Traffic at L&T “really built as the day went on,” Hoffman said. “It certainly exceeded our very conservative expectations, but it came at a price. We made sure our prices were very sharp. Overall, the customer was definitely out there shopping.”

By Saturday, store traffic was already subsiding across the country, but the NRF said it was still better than the Saturday after Thanksgiving a year ago. As expected, many shoppers purchased clothing and accessories over the weekend, while also popular in descending order were books, DVDs, CDs and video games and consumer electronics. Toys were also big sellers, though gift cards dropped 10 percent against last year. NRF continues to project that holiday sales will rise 2.2 percent this year to $470.4 billion.
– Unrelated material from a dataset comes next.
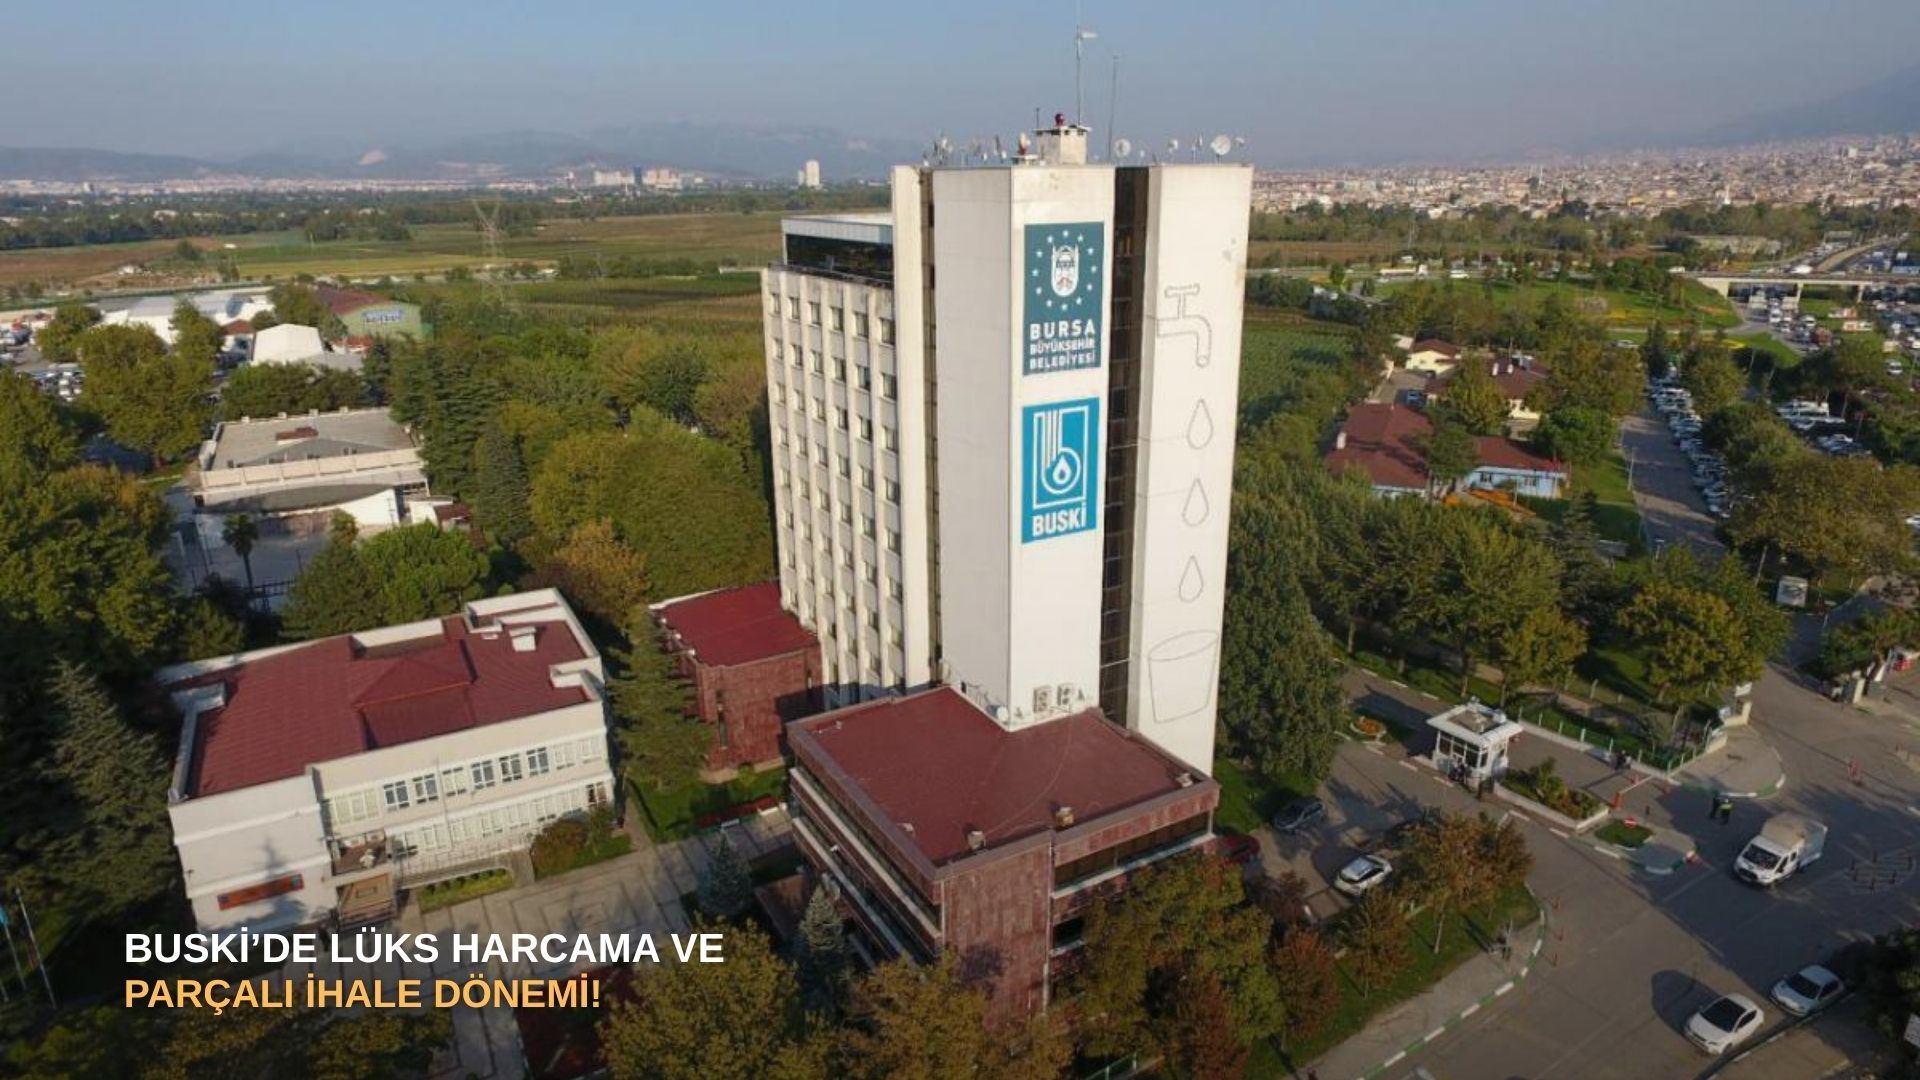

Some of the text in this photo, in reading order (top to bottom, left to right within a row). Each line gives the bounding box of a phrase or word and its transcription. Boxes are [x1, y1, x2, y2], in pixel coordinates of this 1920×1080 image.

[1029, 318, 1096, 341] BURSA
[1029, 350, 1096, 370] BELEDİYESİ
[1032, 501, 1087, 537] BUSKİ
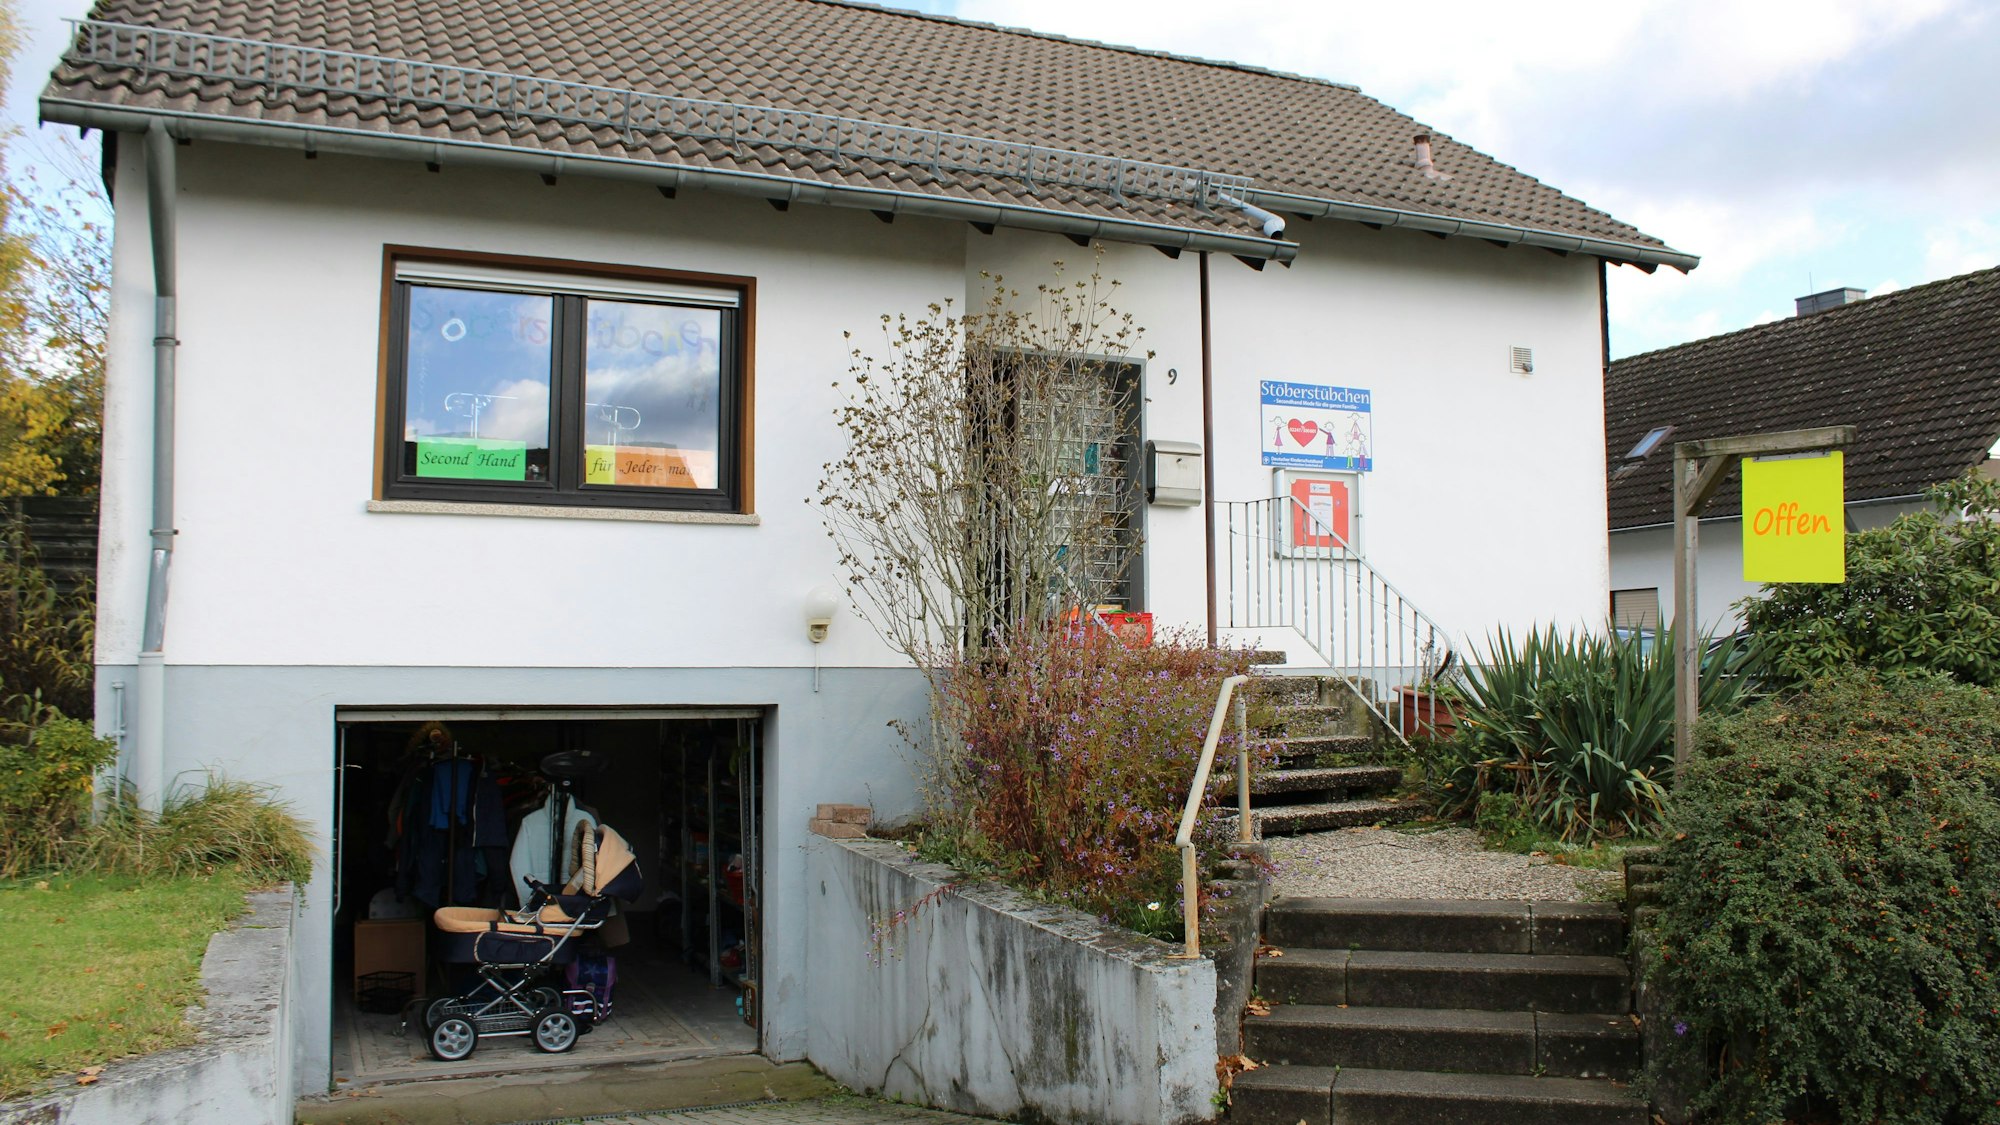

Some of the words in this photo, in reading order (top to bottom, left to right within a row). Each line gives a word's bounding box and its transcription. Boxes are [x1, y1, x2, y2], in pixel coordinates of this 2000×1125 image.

Here, a look at the weekend by retail channel:

BROADLINE STORES

At Bloomingdale’s, “The customer found great value,” said Michael Gould, chairman and ceo. “For soft goods, it was the best week of the fall season so far,” a result of the values offered, as well as “pushing newness and fresh receipts.” Contemporary men’s and women’s sportswear were very strong categories over the weekend, he added.

Steve Pernotto, executive vice president, Belk Stores, said Black Friday business “didn’t meet our overall expectations, but we were encouraged by the outcome. We noticed we were selling the same number of items in the morning, but at a lower average retail price. In the early afternoon, the trend changed and overall sales were much stronger than last year.” The lowest-priced items weren’t necessarily bestsellers. Shoes, fashion accessories, men’s and women’s sweaters, denim and electronic gadgets sold well.

J.C. Penney said Black Friday shopping was strong across all areas of the country with customers responding well to the gift assortments and value. Some bestsellers were the “red box gifts” including the Marshmallow Popper, USB turntable, Razor Ripstik, MP3 players and Einstein Hand Held Games. “Practical” gifts, such as sweaters, boots, wool coats, luggage, denim, small electronics and cookware, as well as junior and young men’s apparel, and fine jewelry also sold well.

Lord & Taylor said shoes, handbags, coats, cosmetics and men’s classifications, as well as Uggs were hits. However, according to one executive from a different department store, “There were no big mind blowers.”